## ASSIGNMENT
Repeat all of the records word for word, but skip any picture.
____________________
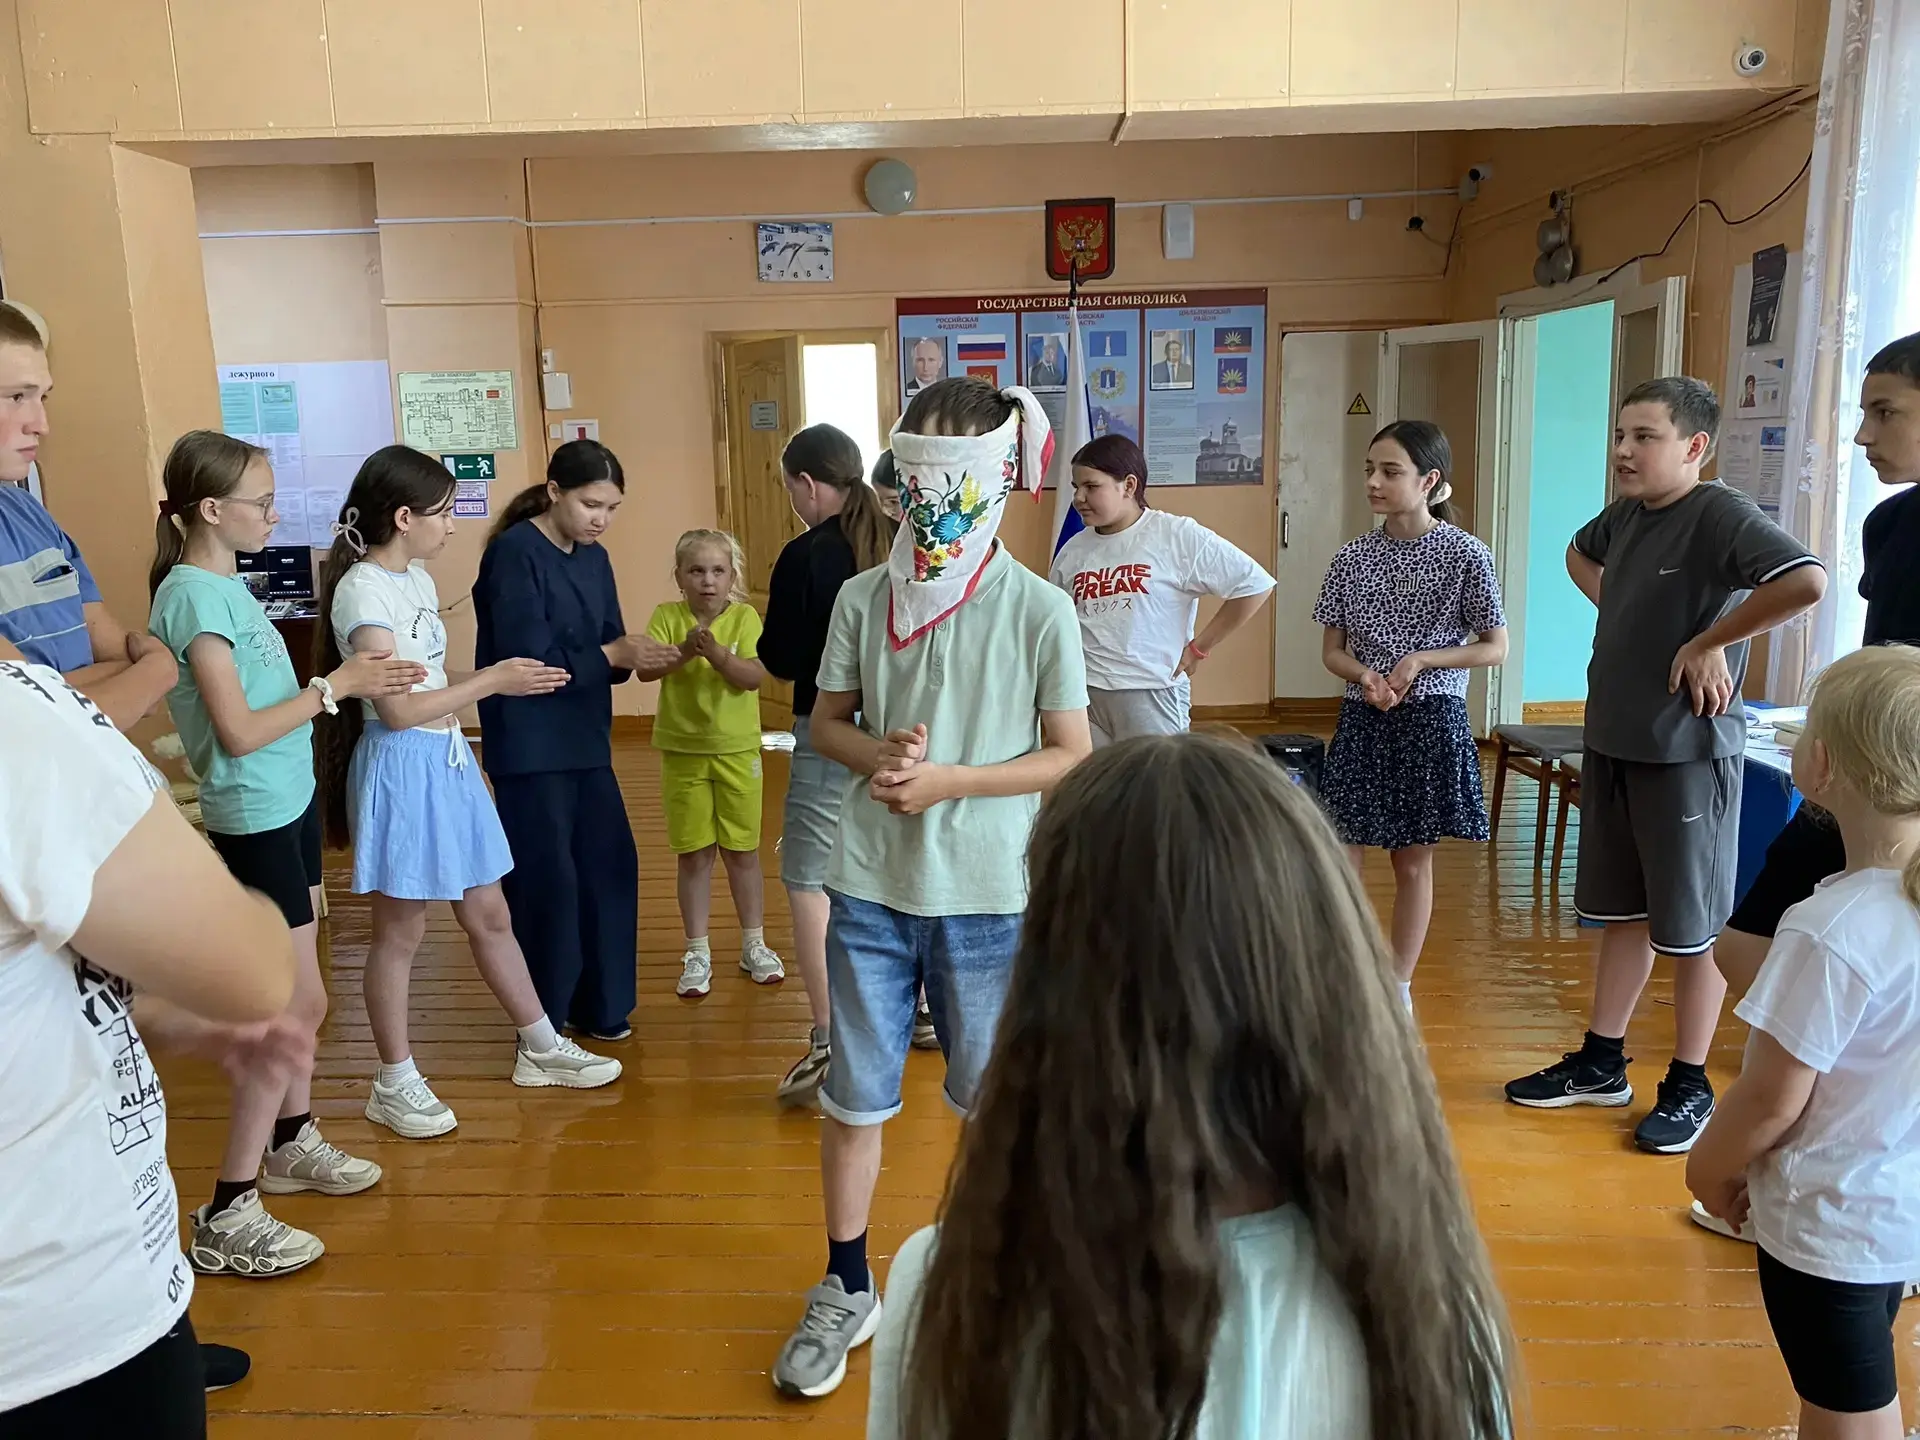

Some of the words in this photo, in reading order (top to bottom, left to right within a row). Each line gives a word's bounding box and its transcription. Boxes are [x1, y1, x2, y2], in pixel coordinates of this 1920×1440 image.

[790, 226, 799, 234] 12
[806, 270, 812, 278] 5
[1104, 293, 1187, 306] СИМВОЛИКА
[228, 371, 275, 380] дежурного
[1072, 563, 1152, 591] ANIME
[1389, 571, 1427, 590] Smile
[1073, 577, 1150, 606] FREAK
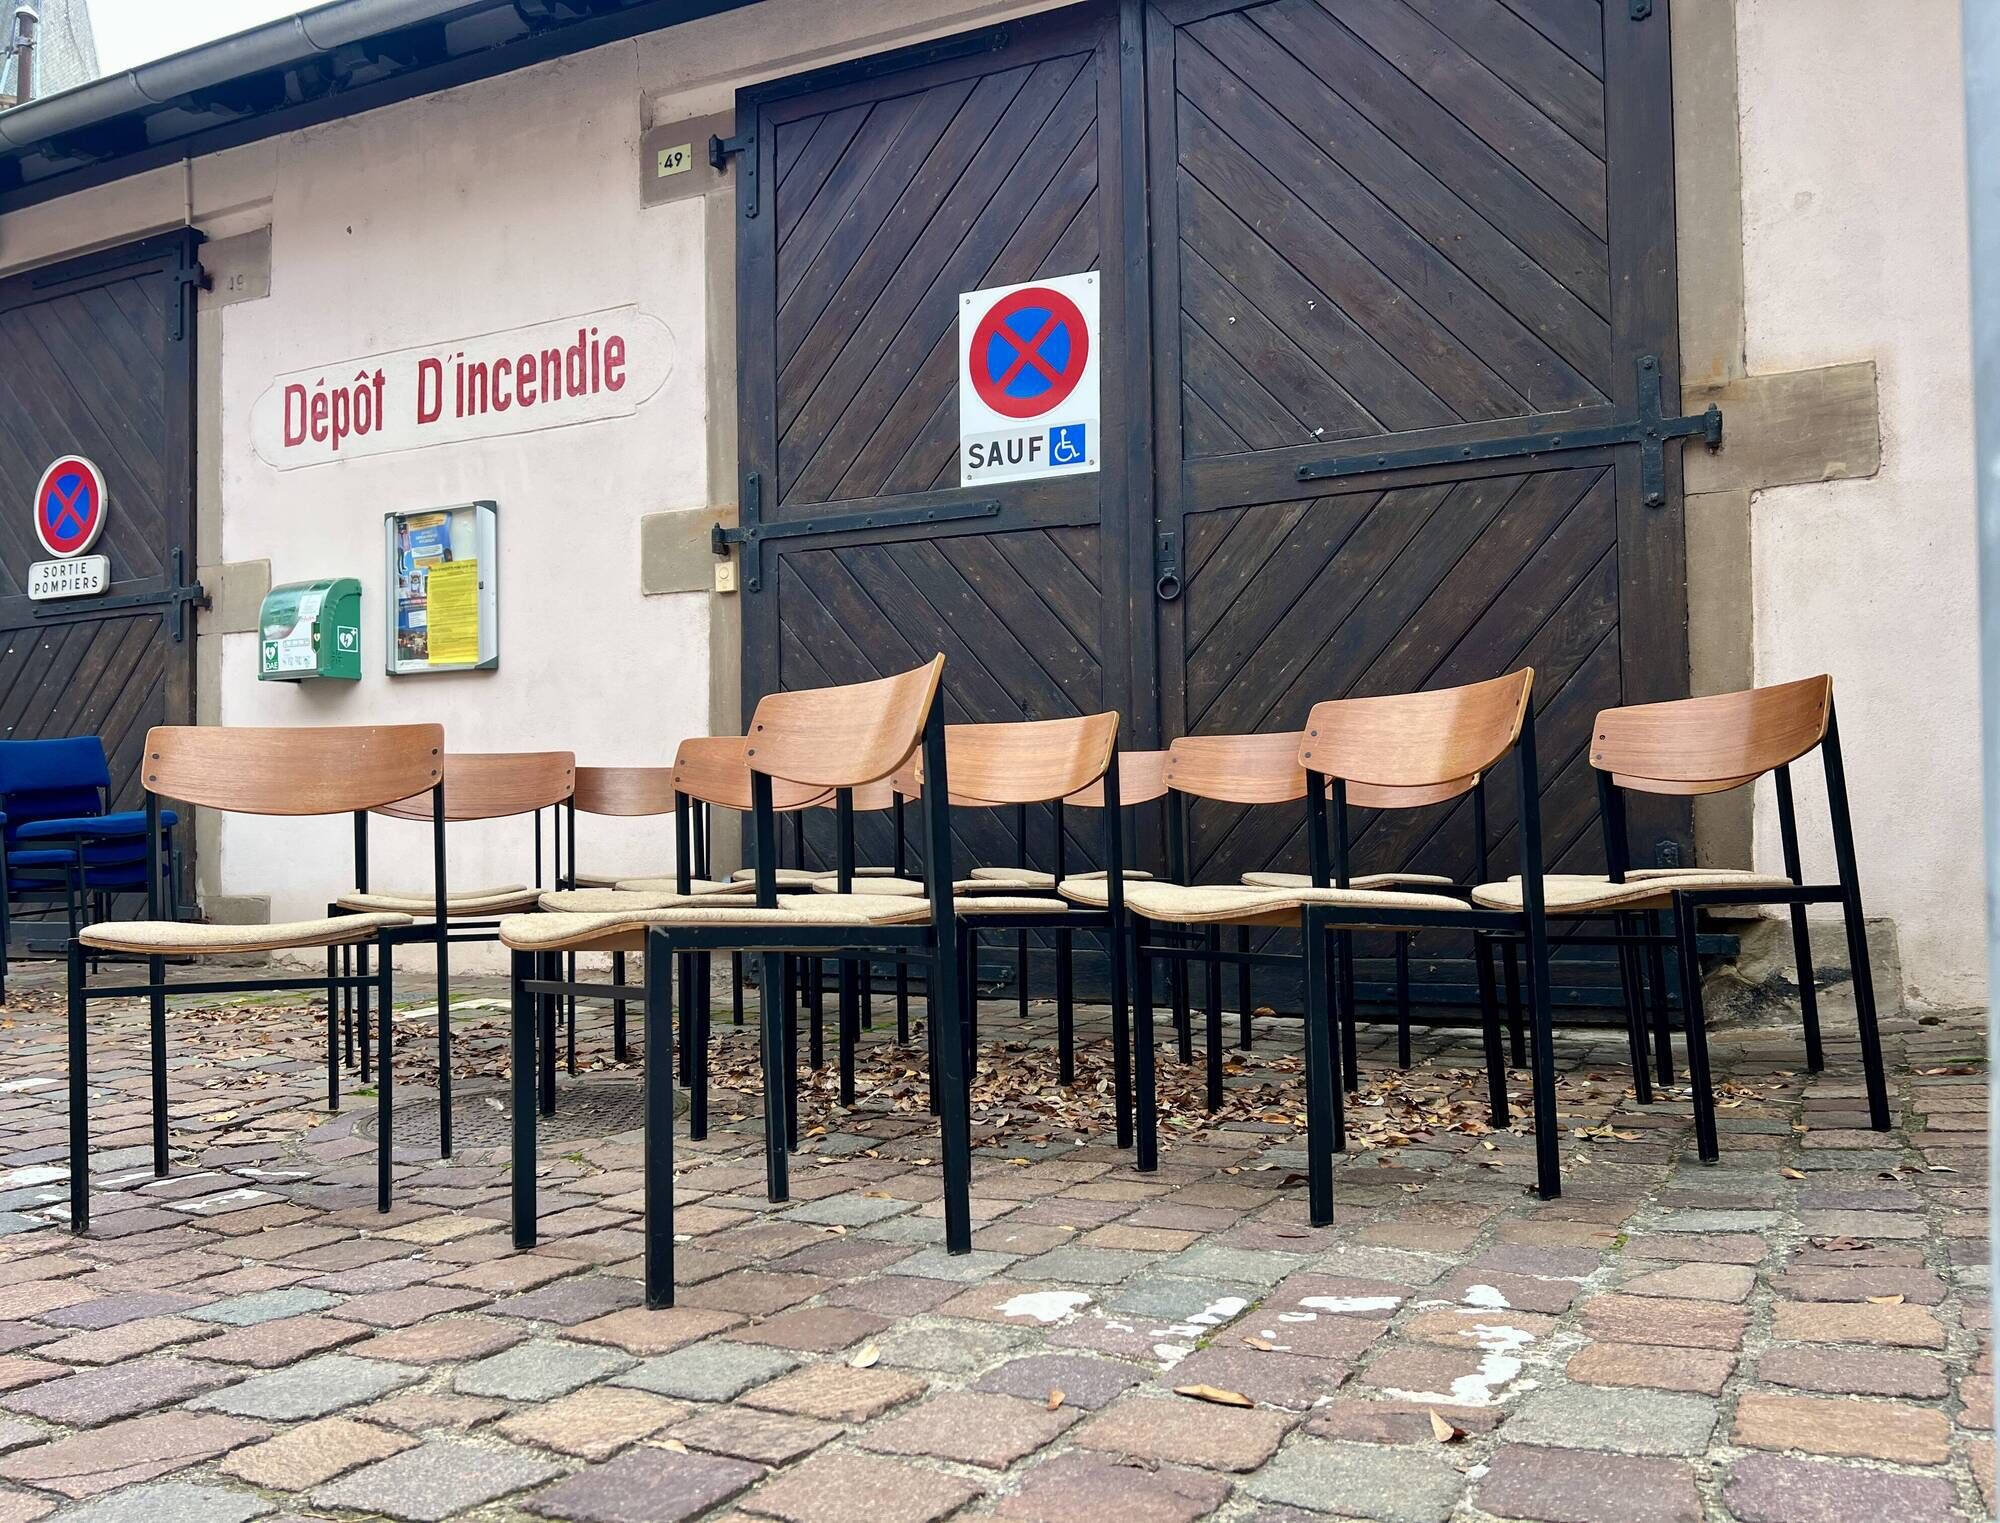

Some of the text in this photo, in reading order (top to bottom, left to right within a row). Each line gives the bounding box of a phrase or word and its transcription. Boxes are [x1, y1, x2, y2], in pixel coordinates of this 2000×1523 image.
____________________
## WRITTEN REPLY
Some of the words in this photo, in reading order (top to bottom, left to right within a row). Each line gives a word's bounding box and its transcription. Boxes are [x1, y1, x2, y2], in pixel coordinates of this 1920×1440 image.

[790, 226, 799, 234] 12
[806, 270, 812, 278] 5
[1104, 293, 1187, 306] СИМВОЛИКА
[228, 371, 275, 380] дежурного
[1072, 563, 1152, 591] ANIME
[1389, 571, 1427, 590] Smile
[1073, 577, 1150, 606] FREAK

Some of the text in this photo, in reading order (top to bottom, left to right within a row). Each line gives the bounding box of a phrase or word and its transcription. Boxes are [x1, y1, x2, y2], in pixel coordinates of this 2000×1523 image.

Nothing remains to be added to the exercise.